Gewerkschaften einbeziehen

Göran Persson hat auch klar festgehalten, dass aus seiner Sicht die Vertreter der Gewerkschaften auf europäischer Ebene viel zu wenig in den Entscheidungsprozess eingebunden sind, was sicher Schuld der europäischen Politik, aber auch der europäischen Gewerkschaften selbst darstellt, die nur sehr ungenügend und peripher in Erscheinung treten. So sehr Gewerkschaften manchmal auch strukturkonservierend und bremsend agieren, so sehr ist es absolut notwendig, sie verstärkt in den gesamten Entscheidungsprozess einzubeziehen. Denn es ist völlig inakzeptabel, dass Unternehmensverbände und -vertreter durch sehr vehementes Lobbyieren auf europäische Entscheidungen Einfluss nehmen, dass das aber bei den Gewerkschaften in einem viel geringerem Ausmass der Fall ist.

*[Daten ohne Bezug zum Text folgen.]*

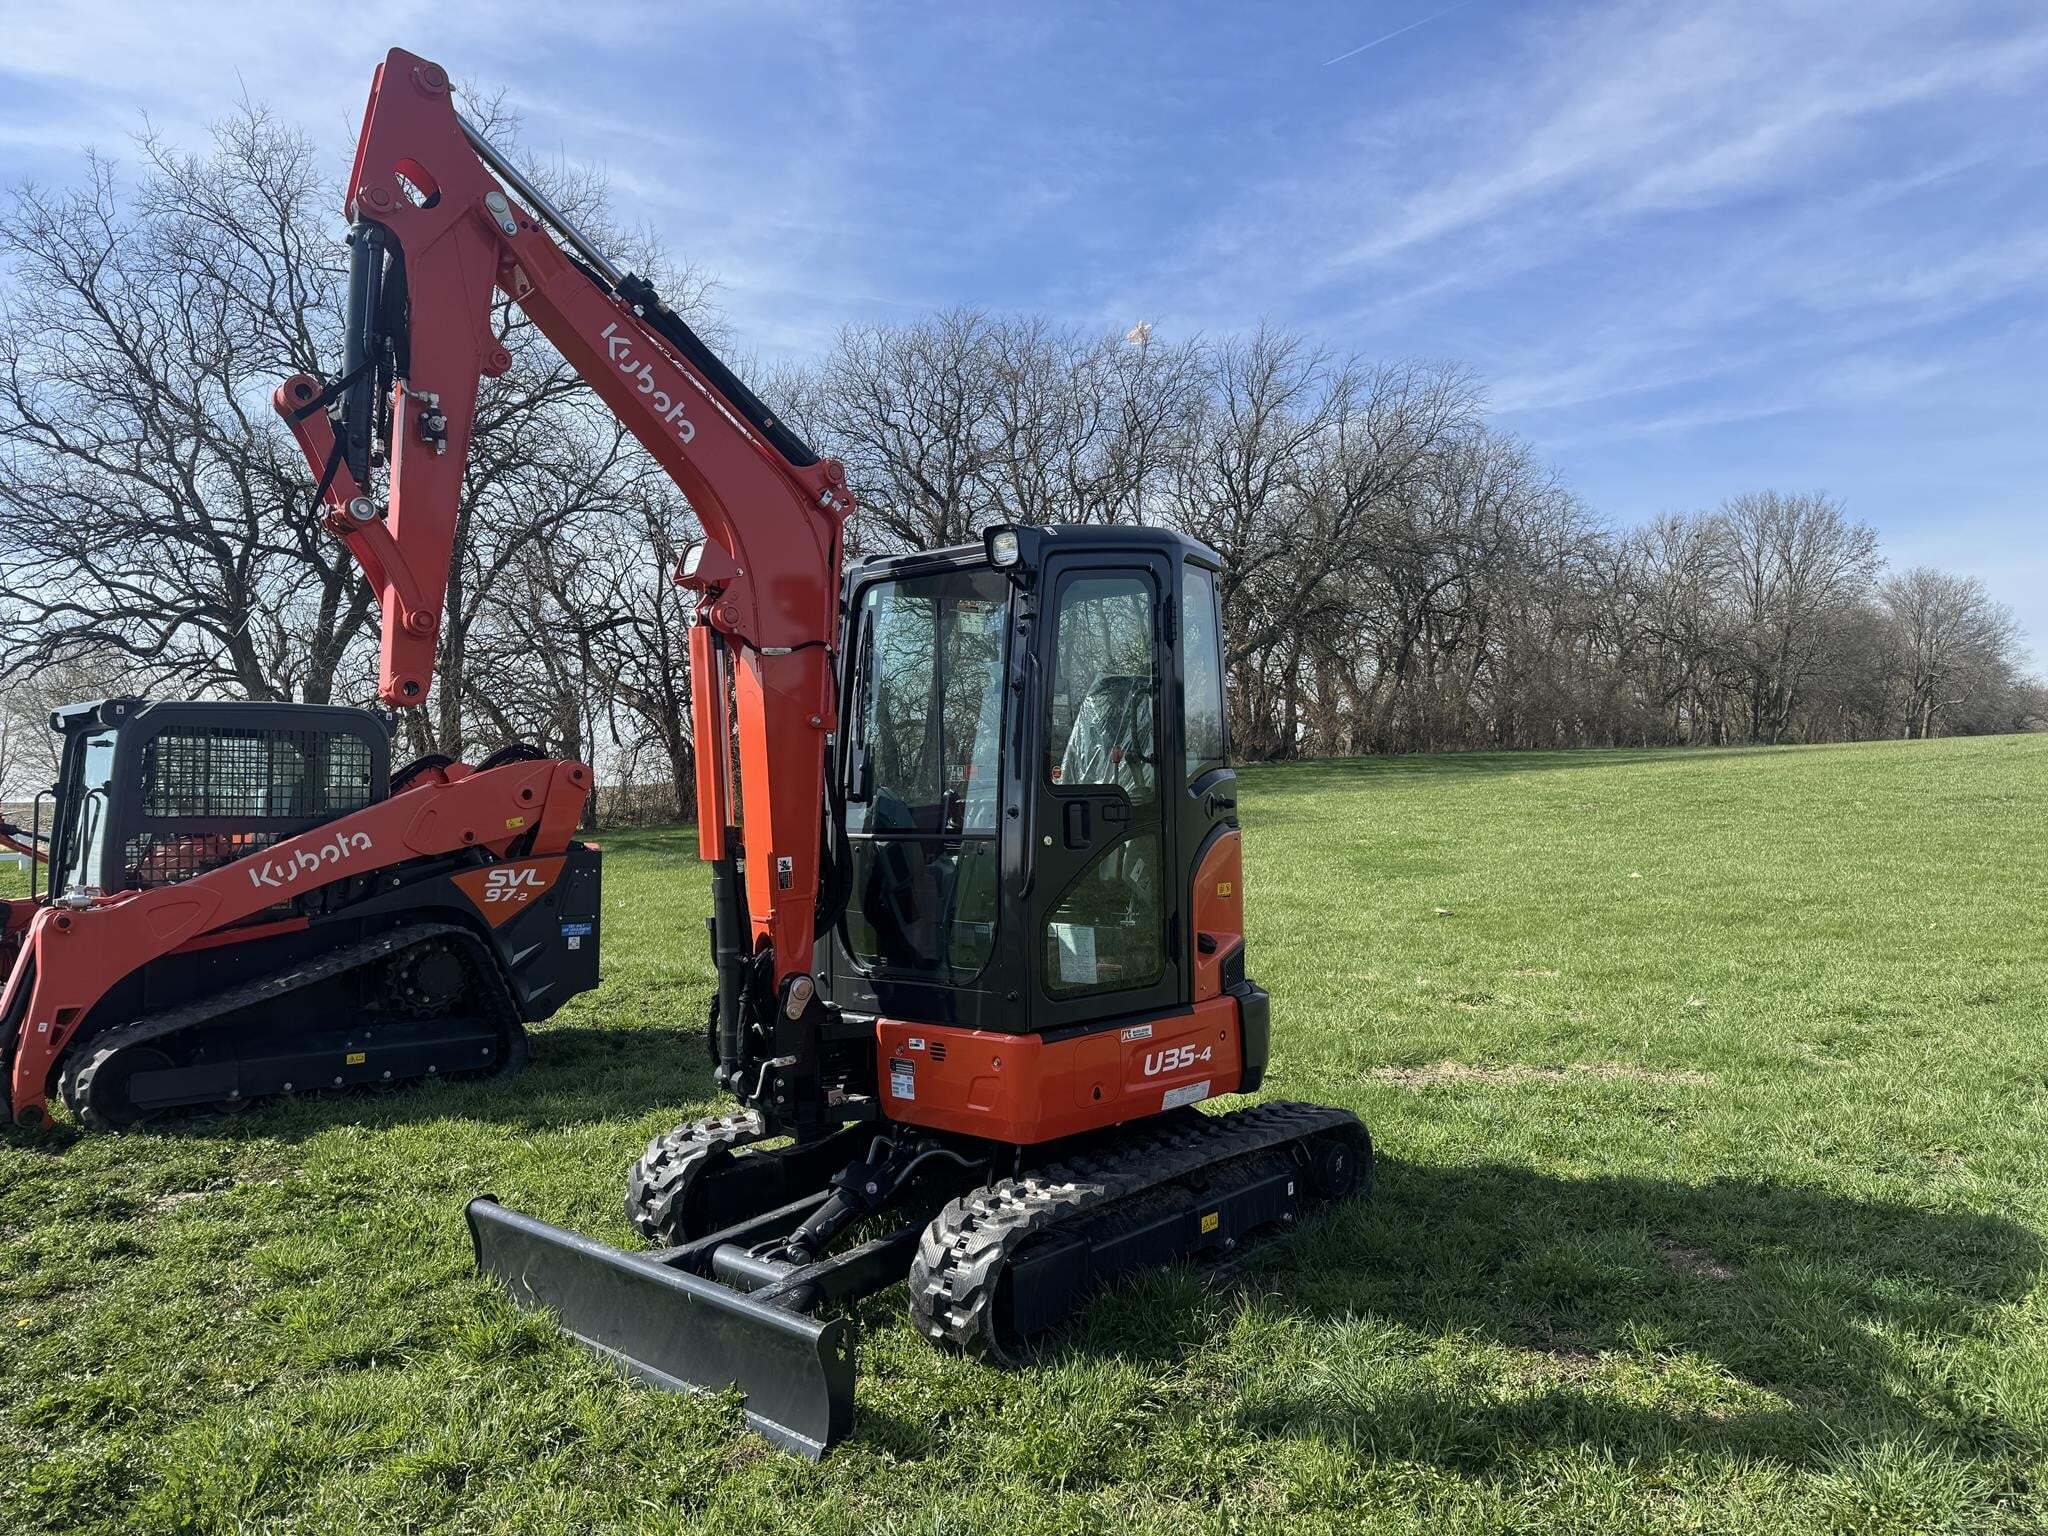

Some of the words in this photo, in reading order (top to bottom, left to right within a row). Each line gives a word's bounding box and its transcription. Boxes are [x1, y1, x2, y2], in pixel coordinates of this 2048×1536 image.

In diesem Zusammenhang würde ich mir natürlich wünschen, dass die Gewerkschaften auch klare Reformperspektiven in die Debatte einbringen – allerdings Reformperspektiven, die die Arbeitnehmerinteressen und sozialen Rahmenbedingungen der Entwicklung in Europa unmissverständlich definieren bzw. vertreten und auch eine entsprechend progressive Rolle bei der Gestaltung des europäischen Binnenmarktes, bei der Gestaltung dessen, was ich unter „europäischem Kapitalismus“ verstehe, spielen.

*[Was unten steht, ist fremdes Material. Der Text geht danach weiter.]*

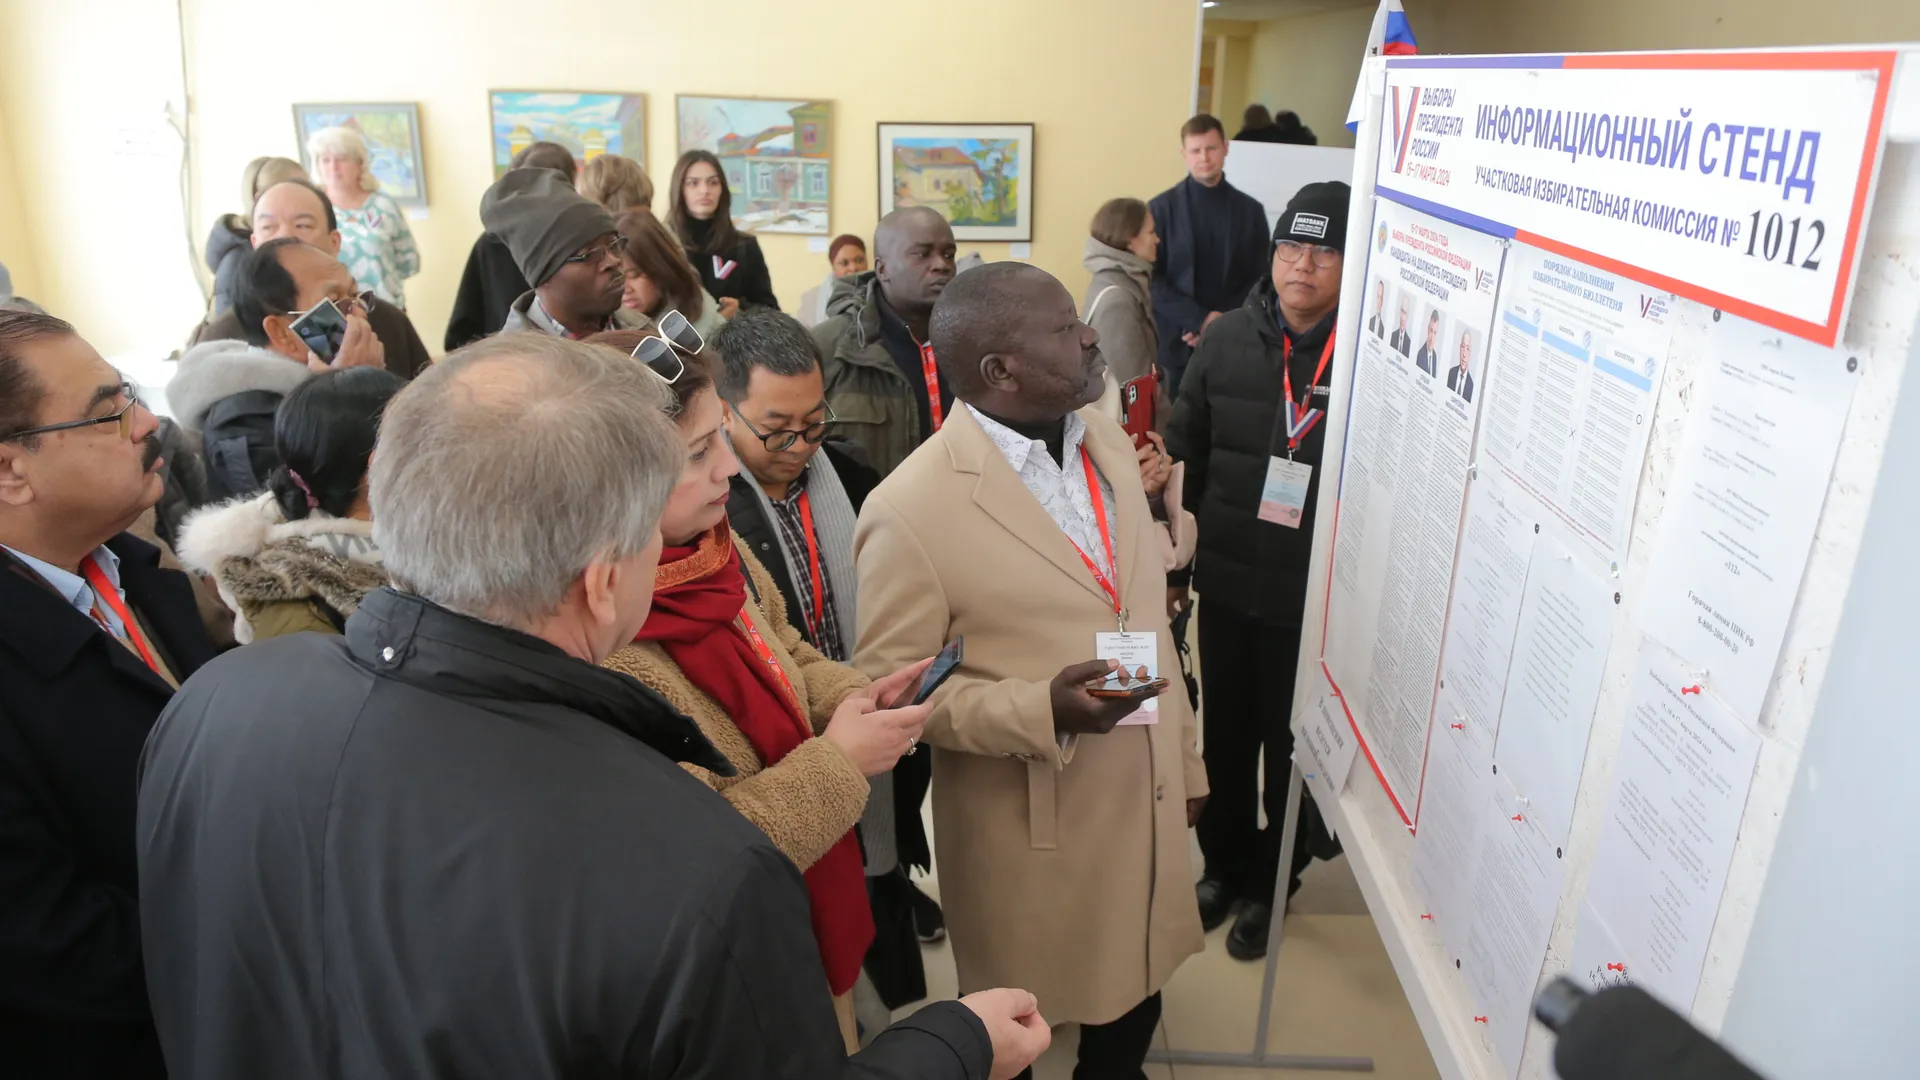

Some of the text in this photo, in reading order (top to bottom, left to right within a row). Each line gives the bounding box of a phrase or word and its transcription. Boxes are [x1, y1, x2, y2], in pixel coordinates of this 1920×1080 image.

[1421, 87, 1457, 108] ВЫБОРЫ
[1416, 113, 1464, 137] ПРЕЗИДЕНТА
[1475, 103, 1693, 171] ИНФОРМАЦИОННЫЙ
[1410, 138, 1440, 160] РОССИИ
[1698, 122, 1821, 205] СТЕНД
[1419, 163, 1438, 183] МАРТА
[1475, 165, 1826, 271] УЧАСТКОВАЯ ИЗБИРАТЕЛЬНАЯ КОМИССИЯ № 1012
[1532, 270, 1623, 312] ИЗБИРАТЕЛЬНОГО БЮЛЛЕТЕНЯ
[1543, 259, 1615, 293] ПОРЯДОК ЗАПОЛНЕНИЯ
[1730, 621, 1746, 641] ЦИК
[1744, 632, 1755, 647] РФ

Nach dem Arbeitsessen mit Göran Persson standen verschiedene Detailprobleme auf der Tagesordnung, die wir in Gesprächen mit den jeweiligen Staatssekretären erörterten. Diese vertreten einerseits Persson selbst bei den verschiedenen Debatten im Europäischen Parlament und sind andererseits für unterschiedliche Fachbereiche zuständig, von der Aussen- über die Sozial- bis zur Umweltpolitik. Insgesamt habe ich den Eindruck gewonnen, dass Schweden von sehr profilierten Persönlichkeiten vertreten wird, die ganz klare politische Zielsetzungen haben.

Euroskeptiker

Der schwedischen Präsidentschaft ist jedenfalls zu wünschen, dass sie nicht nur auf europäischer Ebene erfolgreich ist, sondern auch im eigenen Land – denn dort wird ja bekanntlich der Prophet immer am wenigsten gehört. Es ist nicht nur uns aufgefallen, sondern auch von den Schweden selbst als Tatsache bestätigt, dass in der schwedischen Bevölkerung gegenüber der Europäischen Union eine sehr grosse Skepsis herrscht. Es mag grotesk sein, ist aber eine Tatsache: Genau jene Bevölkerung, die der EU-Mitgliedschaft des eigenen Landes am skeptischsten gegenübersteht, steht der Aufnahme neuer EU-Mitglieder am positivsten gegenüber. Dieses Verhalten mag einfach aus einer gewissen Toleranz heraus entstehen. Im Hintergrund mag auch die Tatsache eine gewisse Rolle spielen, dass man sich in Schweden vielfach, je mehr Mitglieder die Europäische Union hat, eine aufgelockertere Form der EU erwartet. Wie auch immer: Ich kann diese Einstellung nicht im Einzelnen beurteilen, ich wünsche mir aber einerseits mehr Realitätssinn in der Frage der Erweiterung und andererseits mehr Engagement des EU-Mitglieds Schwedens für die europäische Sache.